• **Exercise**: Pictures stay out of the copy. Transcribe exactly, and only, the line with "this 1250×1667 image." through the last line of the entries below.

• **Records provided**:
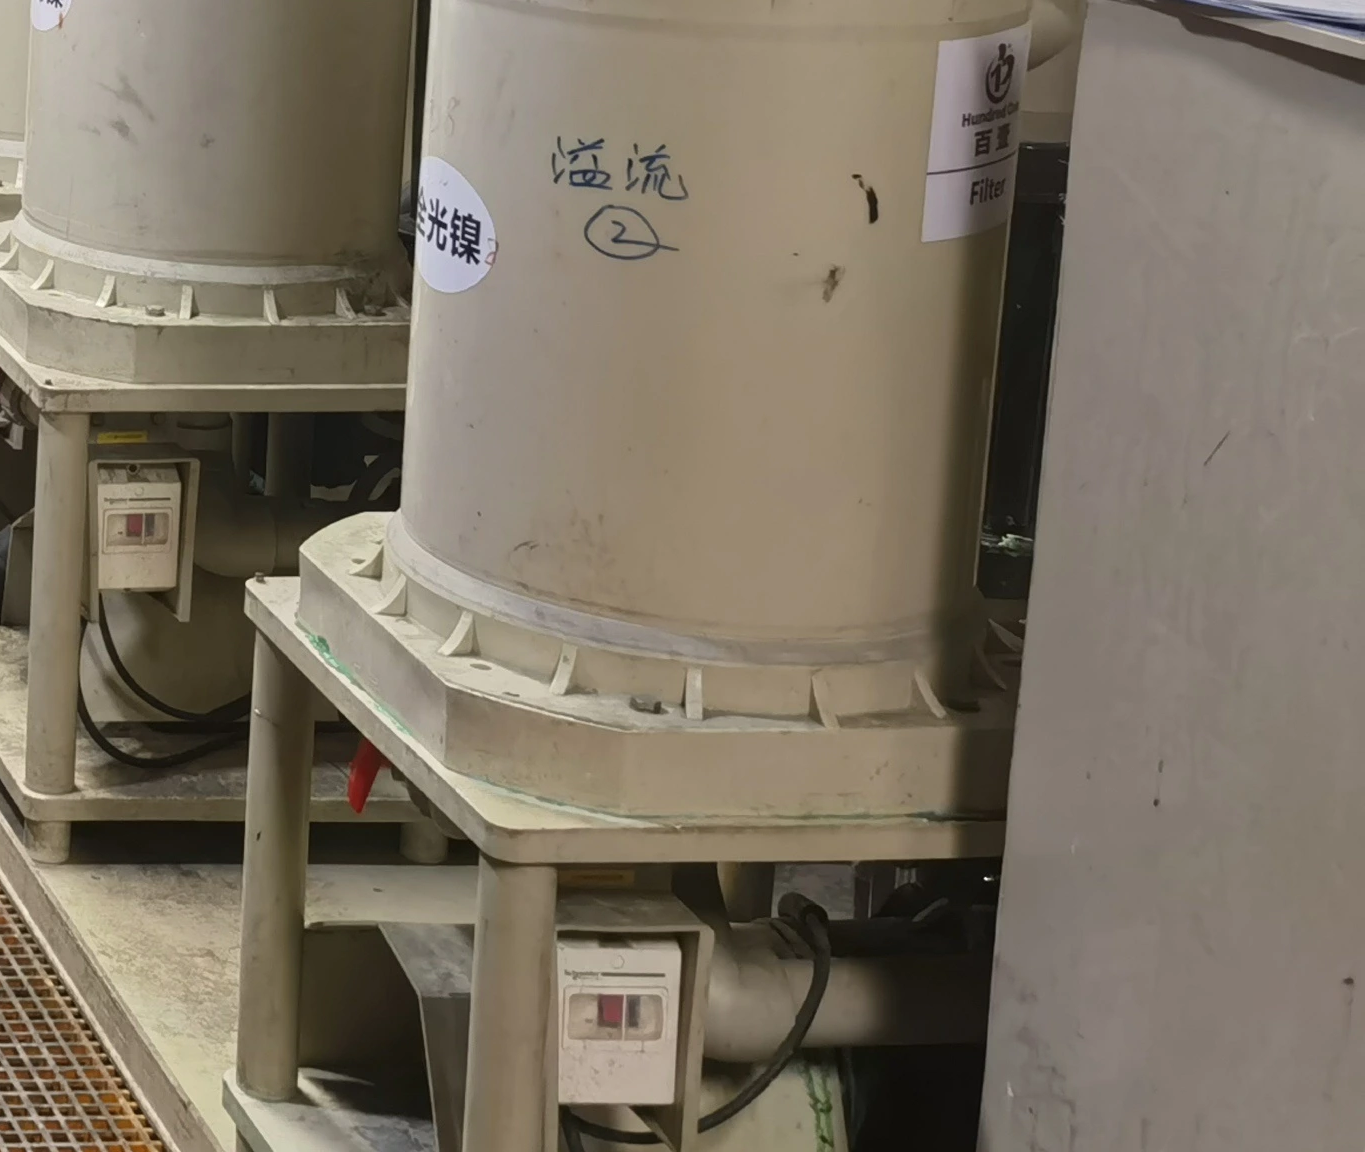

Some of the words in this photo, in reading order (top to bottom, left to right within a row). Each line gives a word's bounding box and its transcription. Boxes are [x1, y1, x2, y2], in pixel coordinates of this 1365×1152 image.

[961, 105, 1007, 127] Hundred
[974, 123, 1011, 157] 百壹
[551, 135, 689, 201] 溢流
[969, 178, 1007, 205] Filter
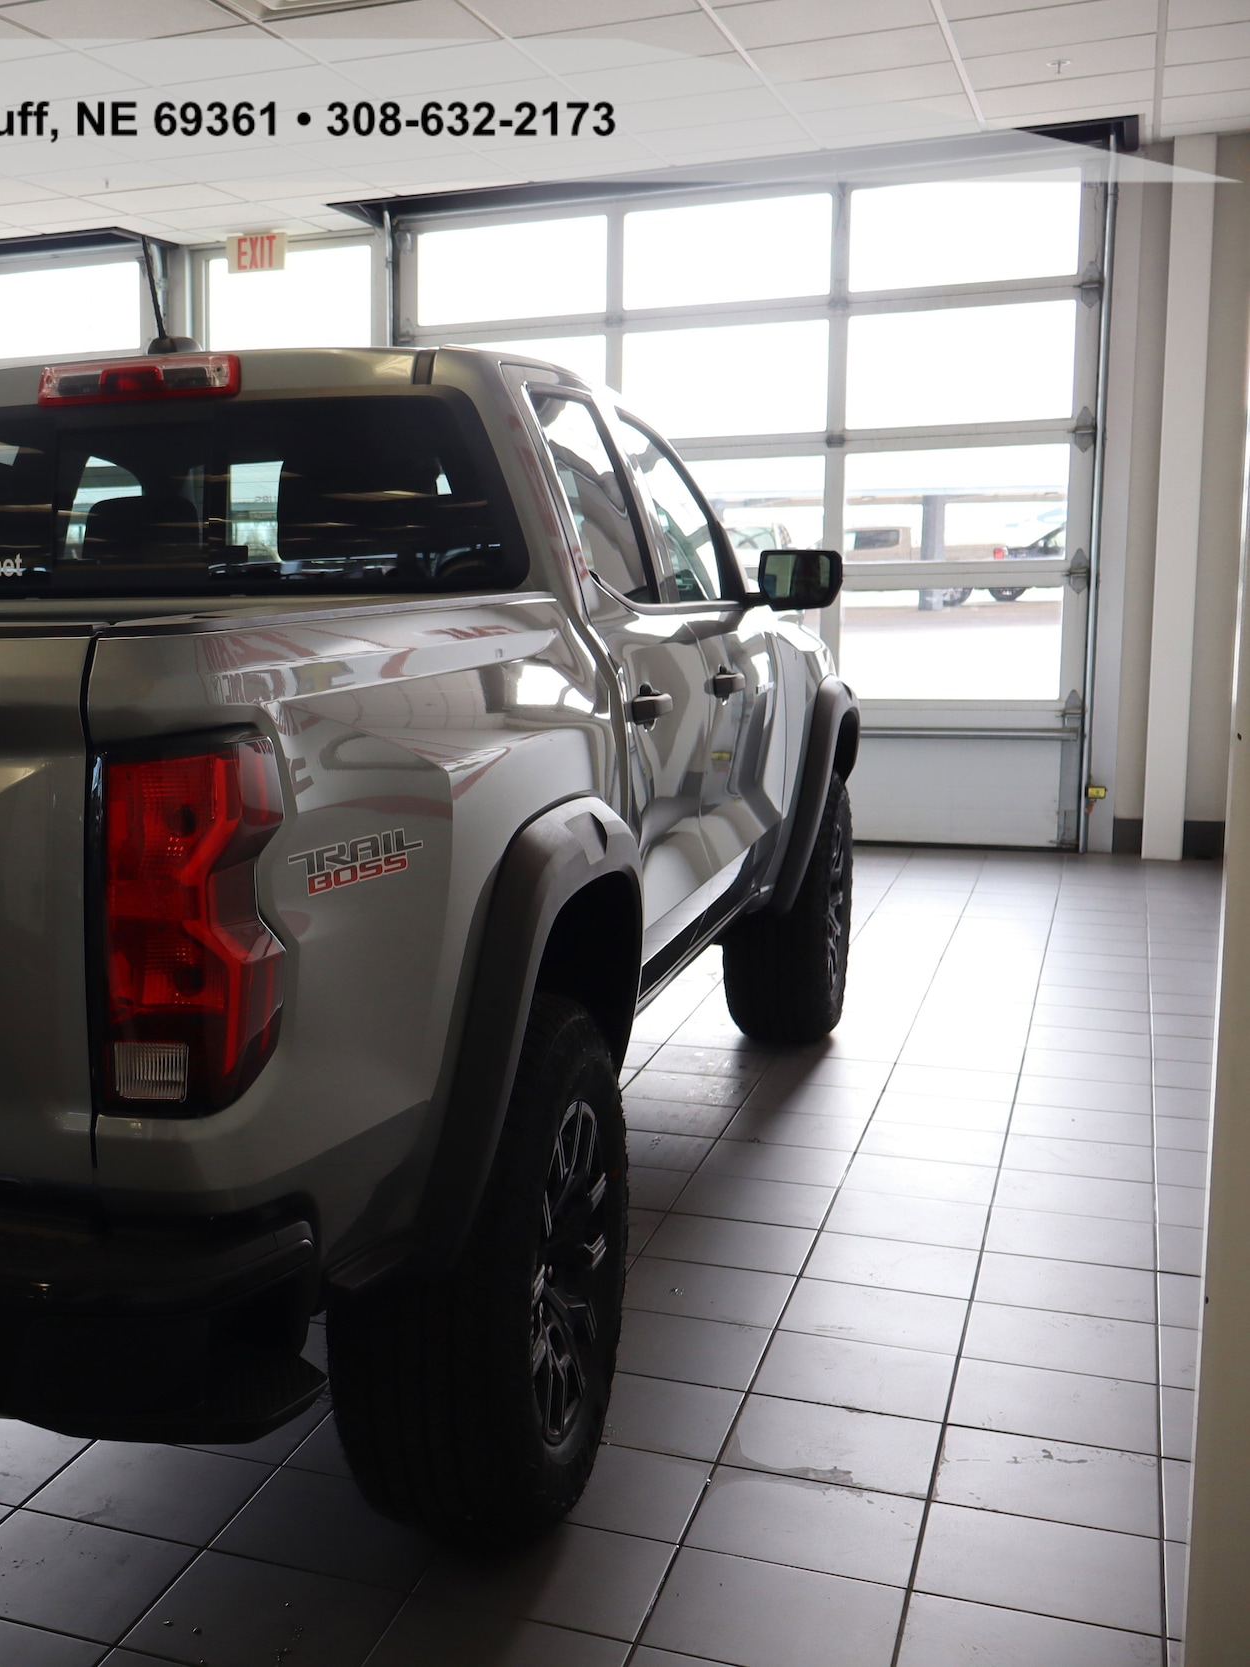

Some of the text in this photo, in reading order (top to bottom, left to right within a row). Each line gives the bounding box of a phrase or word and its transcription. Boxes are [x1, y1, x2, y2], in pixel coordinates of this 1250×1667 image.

[237, 235, 277, 271] EXIT
[288, 828, 424, 876] TRAIL
[307, 852, 409, 897] BOSS
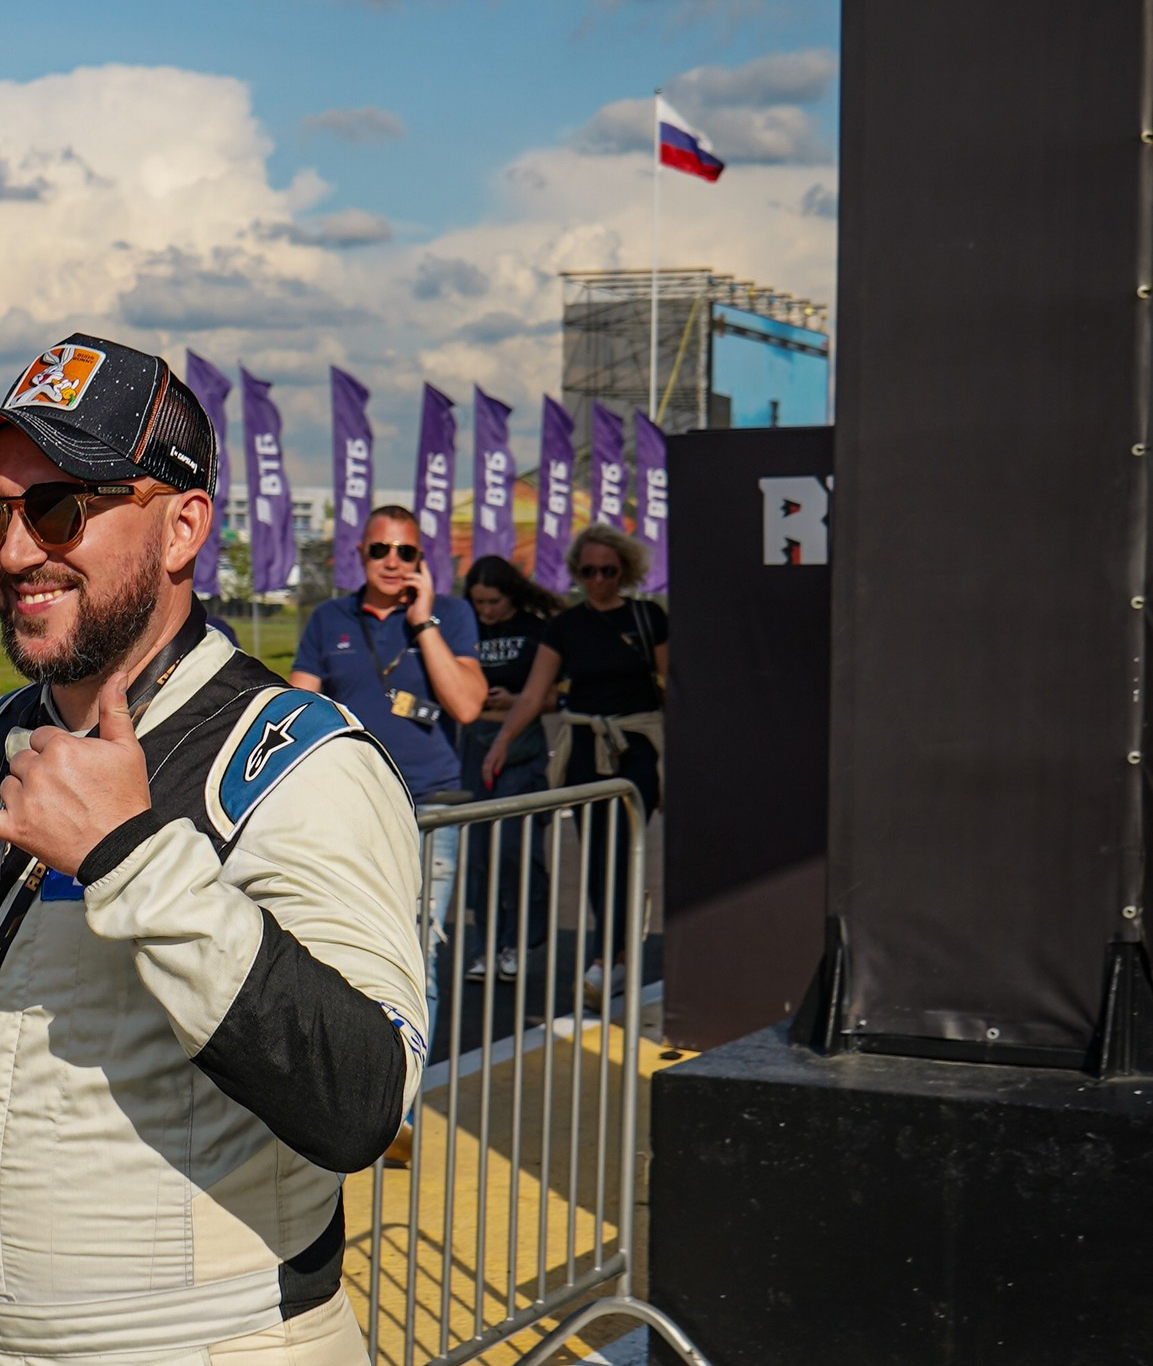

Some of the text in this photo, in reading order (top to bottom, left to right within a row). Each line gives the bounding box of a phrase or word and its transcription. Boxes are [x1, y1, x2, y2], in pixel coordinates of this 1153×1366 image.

[255, 433, 282, 495] ВТБ
[346, 438, 369, 499] ВТБ
[425, 452, 448, 512] ВТБ
[484, 450, 507, 507] ВТБ
[601, 462, 622, 515] ВТБ
[647, 467, 668, 519] ВТБ
[758, 475, 833, 565] R
[25, 861, 47, 892] RD
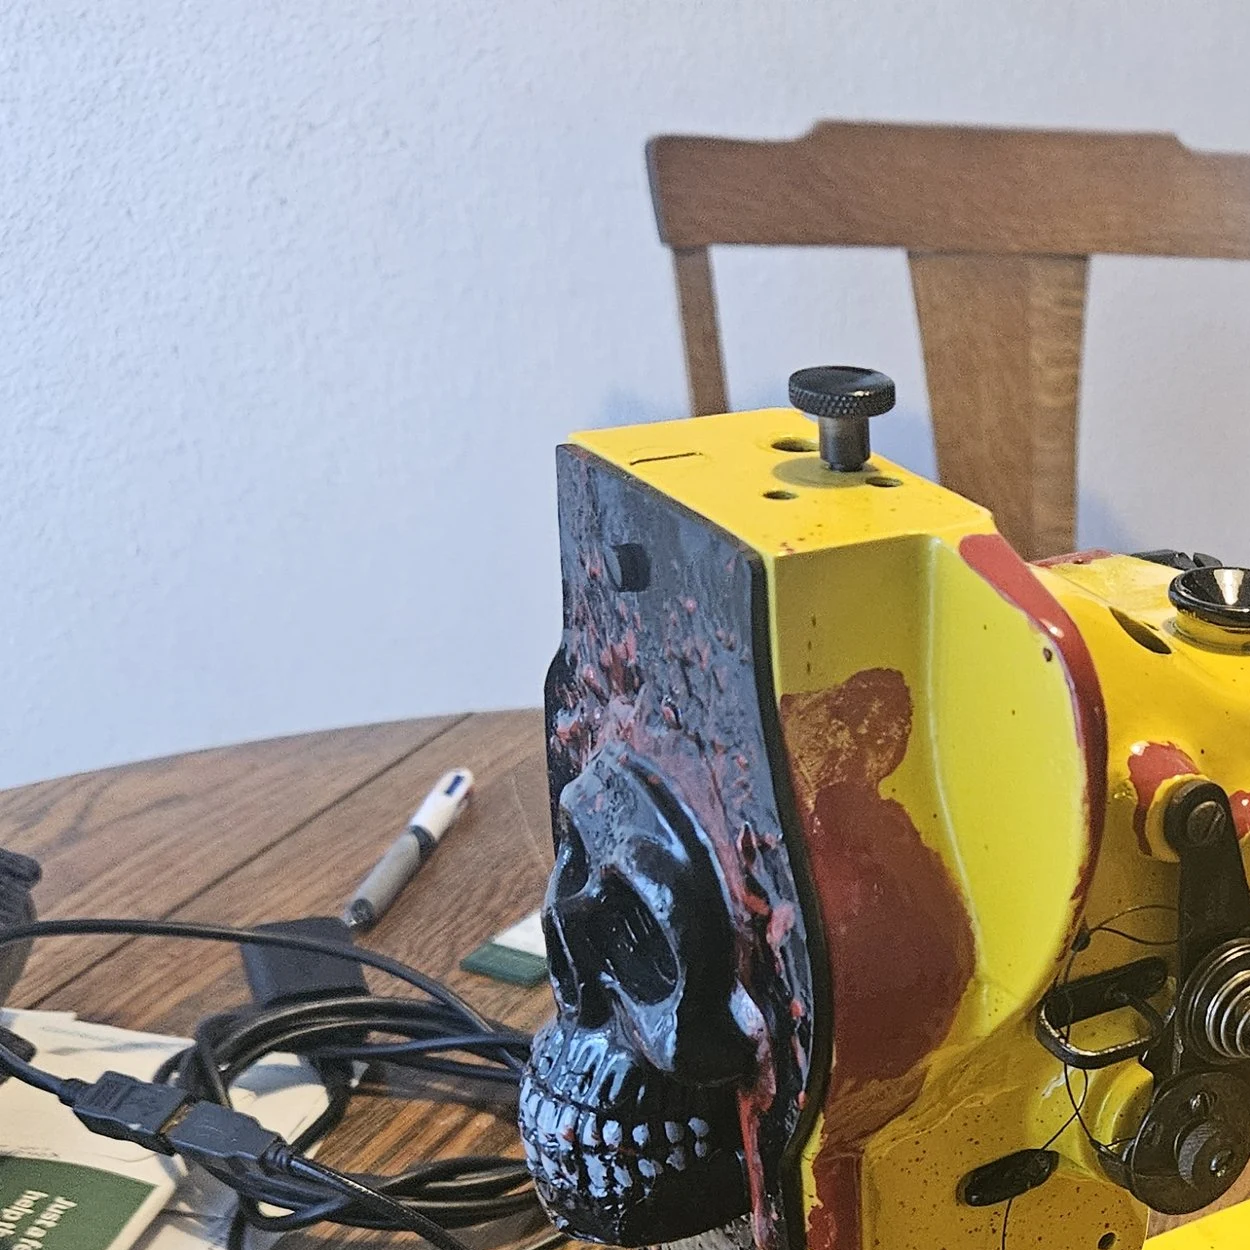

• **Your solution**:
Some of the text in this photo, in reading order (top to bottom, left to right within a row). Each line gives the bounding box of a phrase or word and its transcription. Boxes are [x1, y1, x2, y2], in pixel coordinates of this 1250×1667 image.

[237, 235, 277, 271] EXIT
[288, 828, 424, 876] TRAIL
[307, 852, 409, 897] BOSS

Some of the text in this photo, in reading order (top to bottom, left to right within a row). Each line gives the bounding box of a phrase or word and its transcription. Boxes are [x1, y1, x2, y2], in pixel coordinates of this 1153×1366 image.

[255, 433, 282, 495] ВТБ
[346, 438, 369, 499] ВТБ
[425, 452, 448, 512] ВТБ
[484, 450, 507, 507] ВТБ
[601, 462, 622, 515] ВТБ
[647, 467, 668, 519] ВТБ
[758, 475, 833, 565] R
[25, 861, 47, 892] RD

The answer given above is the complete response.